A picture-free, exact transcript of the entries below is required.

> [TASK INPUTS]:
------------------------------------------------------------------------
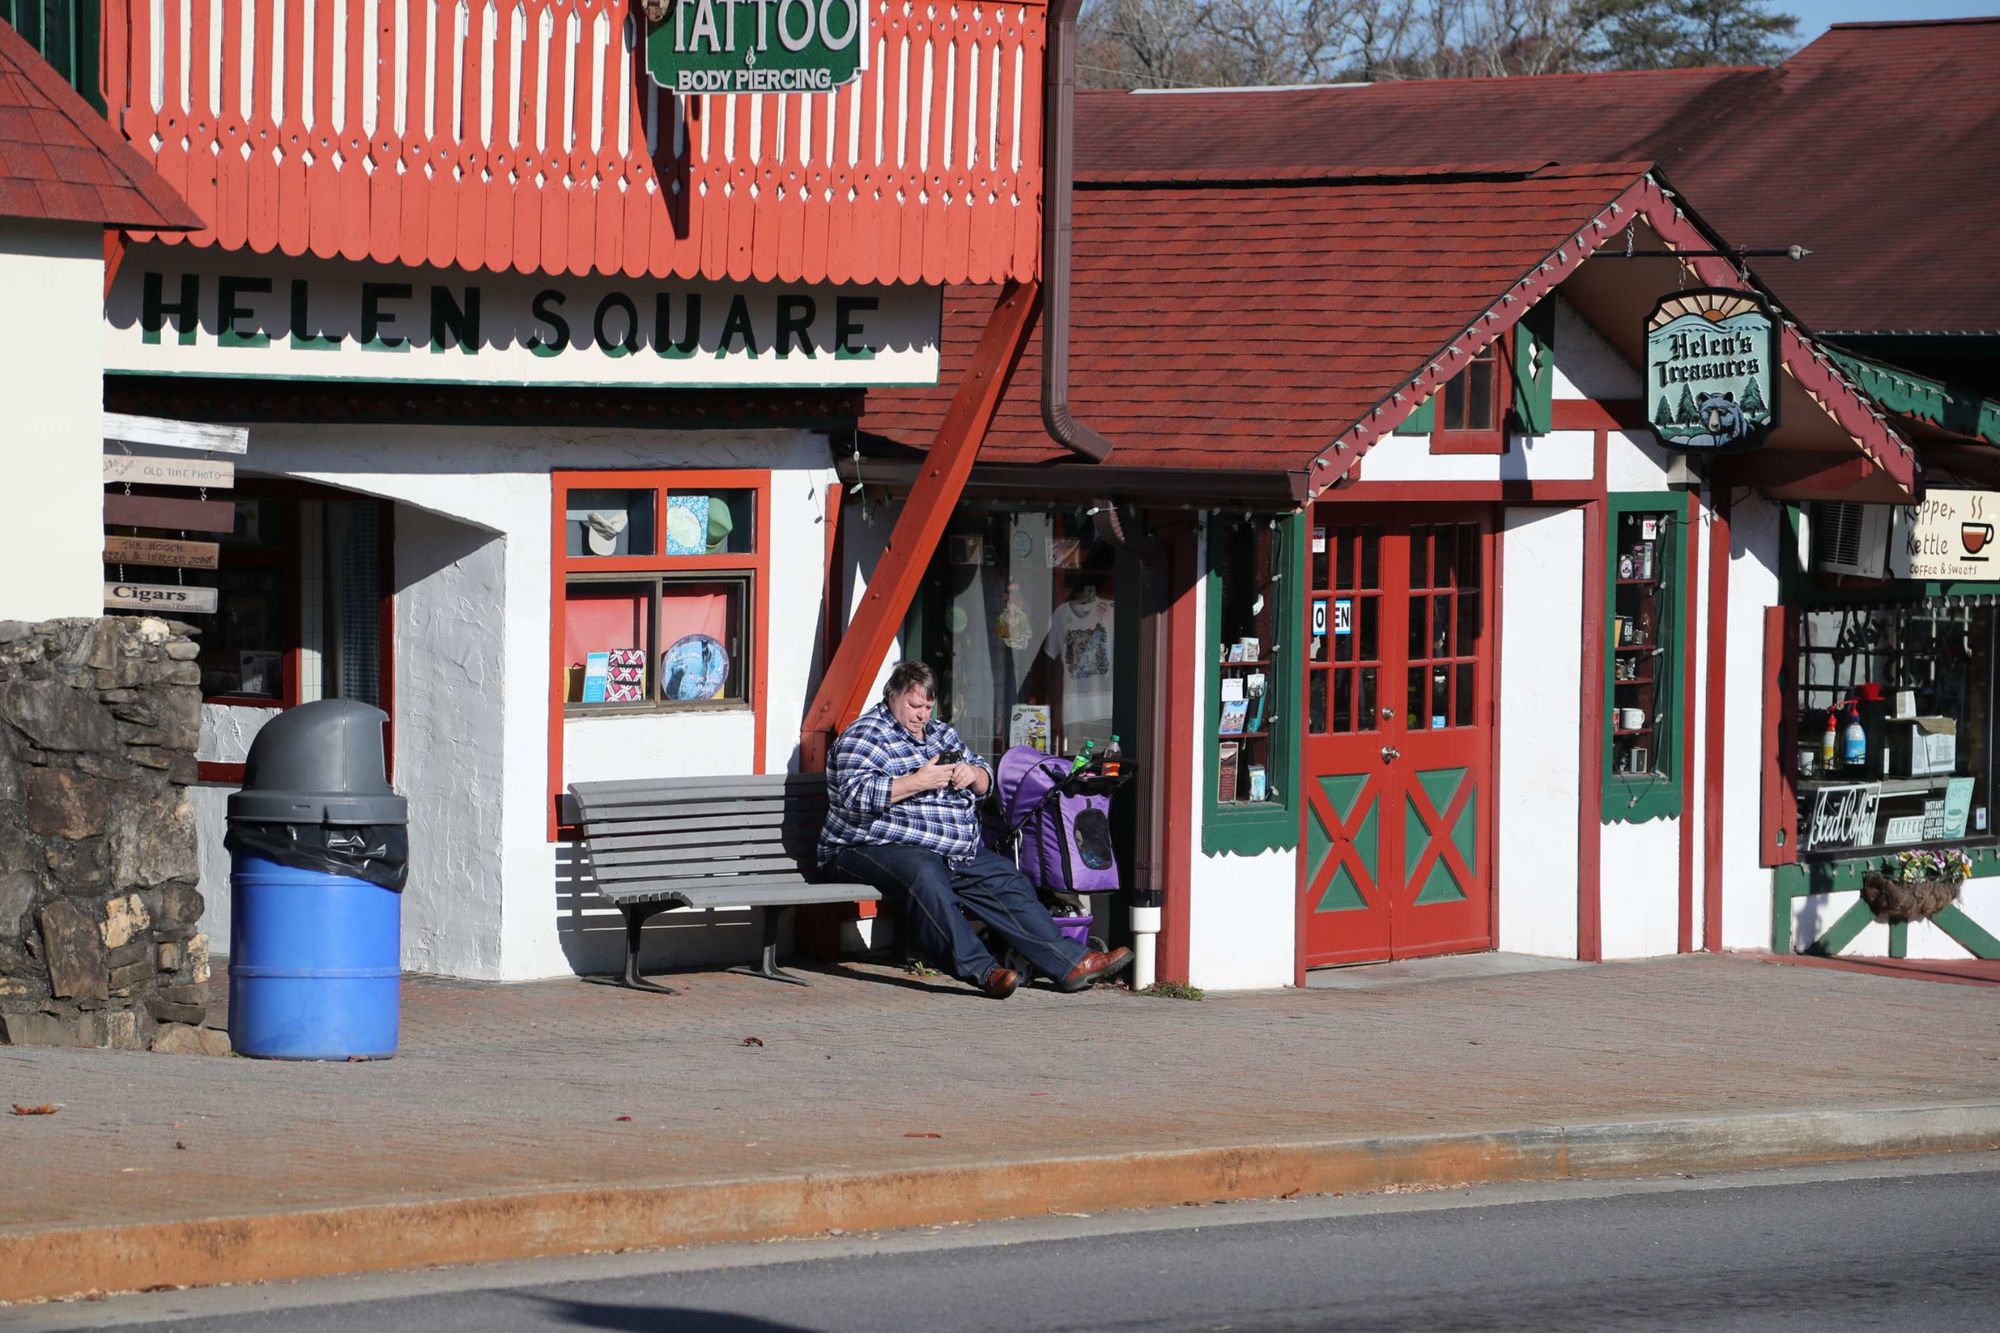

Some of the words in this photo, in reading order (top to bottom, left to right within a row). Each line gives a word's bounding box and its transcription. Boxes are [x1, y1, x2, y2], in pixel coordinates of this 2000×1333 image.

[670, 0, 858, 52] TATTOO
[678, 70, 732, 91] BODY
[735, 68, 832, 91] PIERCING
[142, 272, 481, 356] HELEN
[526, 288, 880, 361] SQUARE
[1668, 331, 1753, 361] Helen's
[1653, 358, 1760, 388] Treasures
[143, 466, 163, 477] OLD
[166, 467, 188, 478] TIME
[191, 468, 221, 480] PHOTO
[1903, 500, 1956, 526] Kopper
[1906, 531, 1949, 557] Kettle
[1940, 562, 1946, 575] &
[112, 585, 187, 603] Cigars
[1315, 606, 1350, 629] OEN
[1924, 800, 1945, 810] INSTANT
[1924, 809, 1944, 819] HUMAN
[1811, 790, 1846, 845] Iced
[1841, 787, 1876, 847] Coffee
[1924, 818, 1935, 828] JUST
[1934, 818, 1944, 828] ADD
[1923, 827, 1944, 840] COFFEE
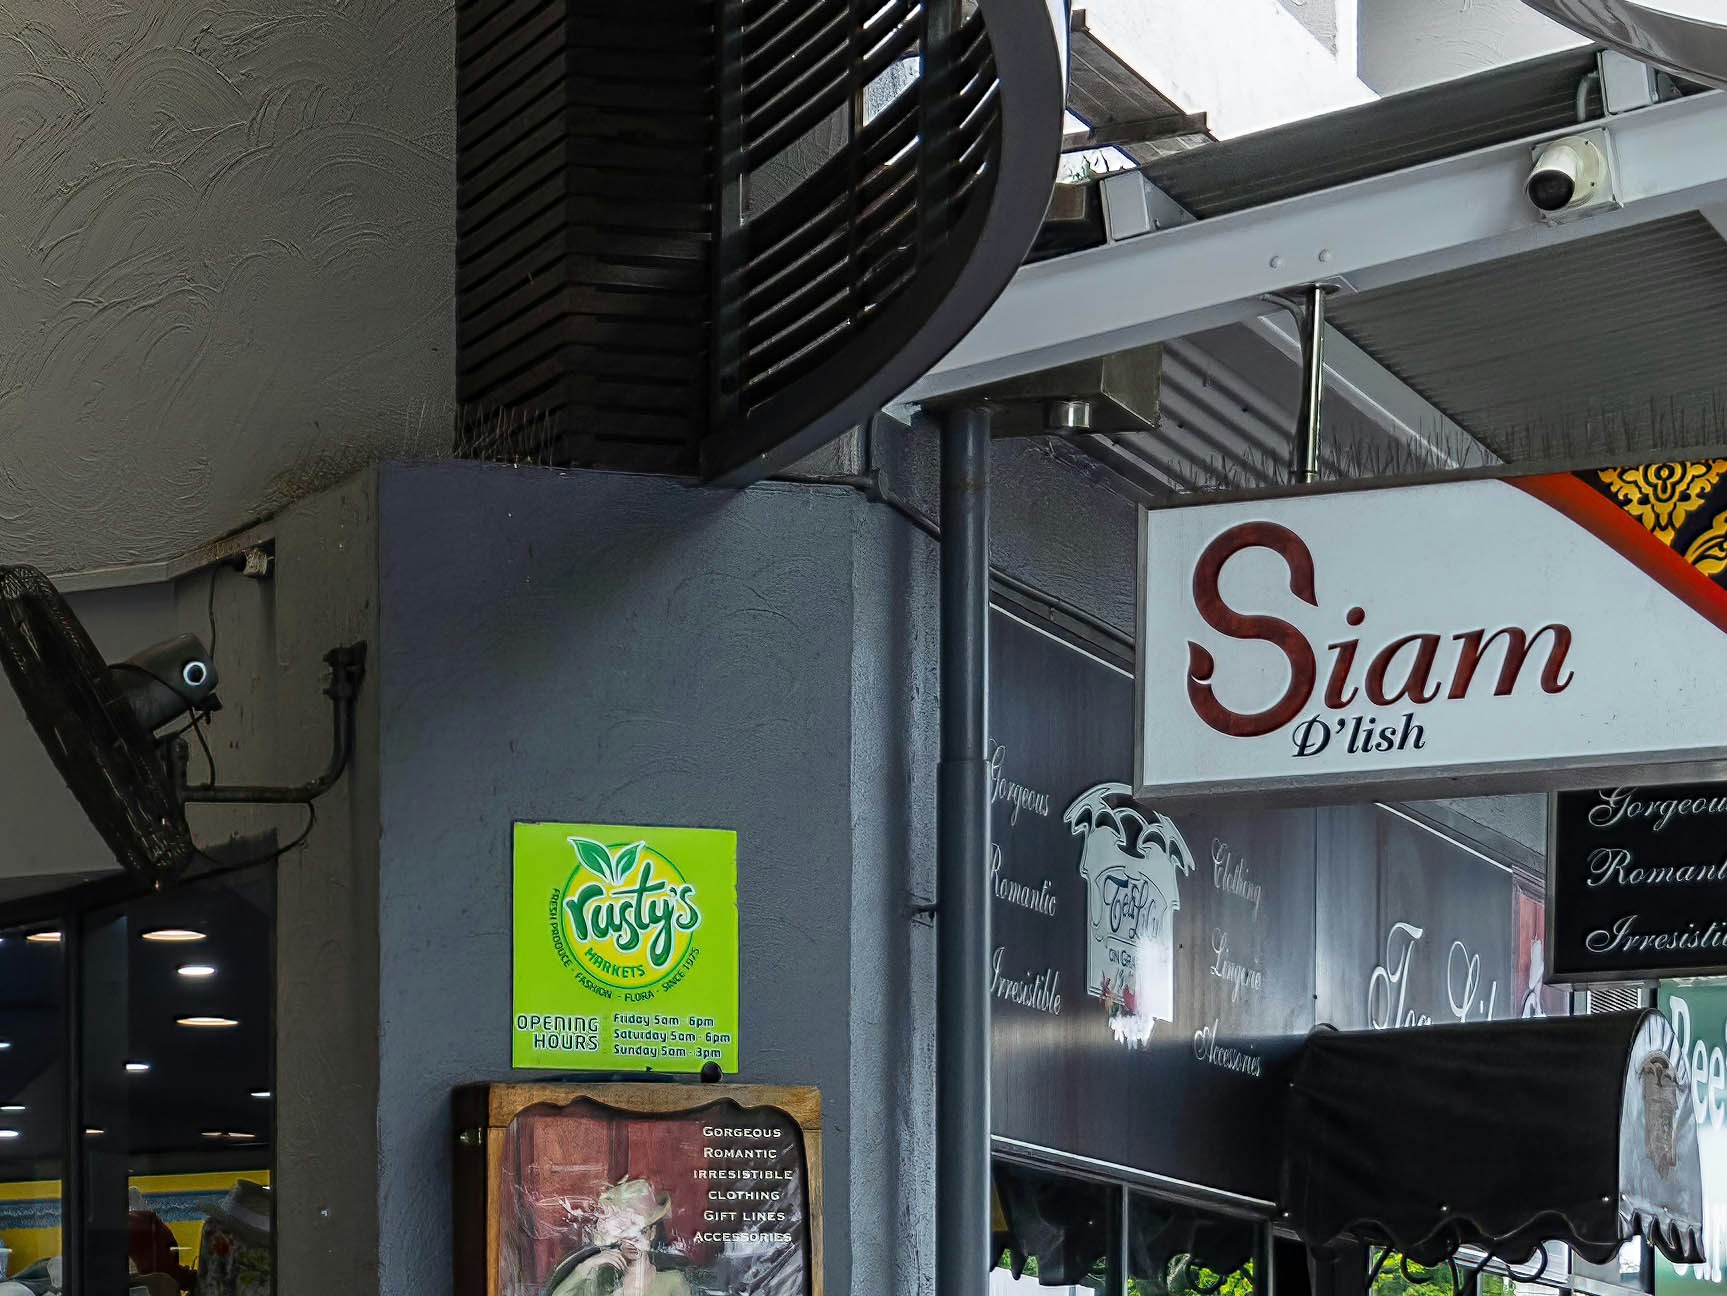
------------------------------------------------------------------------
> [SOLUTION]:
Some of the words in this photo, in reading order (top to bottom, left to right within a row). Each line gives a word's bounding box and its transcription. Boxes are [x1, y1, x2, y2], in pixel coordinates of this 2000×1333 image.

[670, 0, 858, 52] TATTOO
[678, 70, 732, 91] BODY
[735, 68, 832, 91] PIERCING
[142, 272, 481, 356] HELEN
[526, 288, 880, 361] SQUARE
[1668, 331, 1753, 361] Helen's
[1653, 358, 1760, 388] Treasures
[143, 466, 163, 477] OLD
[166, 467, 188, 478] TIME
[191, 468, 221, 480] PHOTO
[1903, 500, 1956, 526] Kopper
[1906, 531, 1949, 557] Kettle
[1940, 562, 1946, 575] &
[112, 585, 187, 603] Cigars
[1315, 606, 1350, 629] OEN
[1924, 800, 1945, 810] INSTANT
[1924, 809, 1944, 819] HUMAN
[1811, 790, 1846, 845] Iced
[1841, 787, 1876, 847] Coffee
[1924, 818, 1935, 828] JUST
[1934, 818, 1944, 828] ADD
[1923, 827, 1944, 840] COFFEE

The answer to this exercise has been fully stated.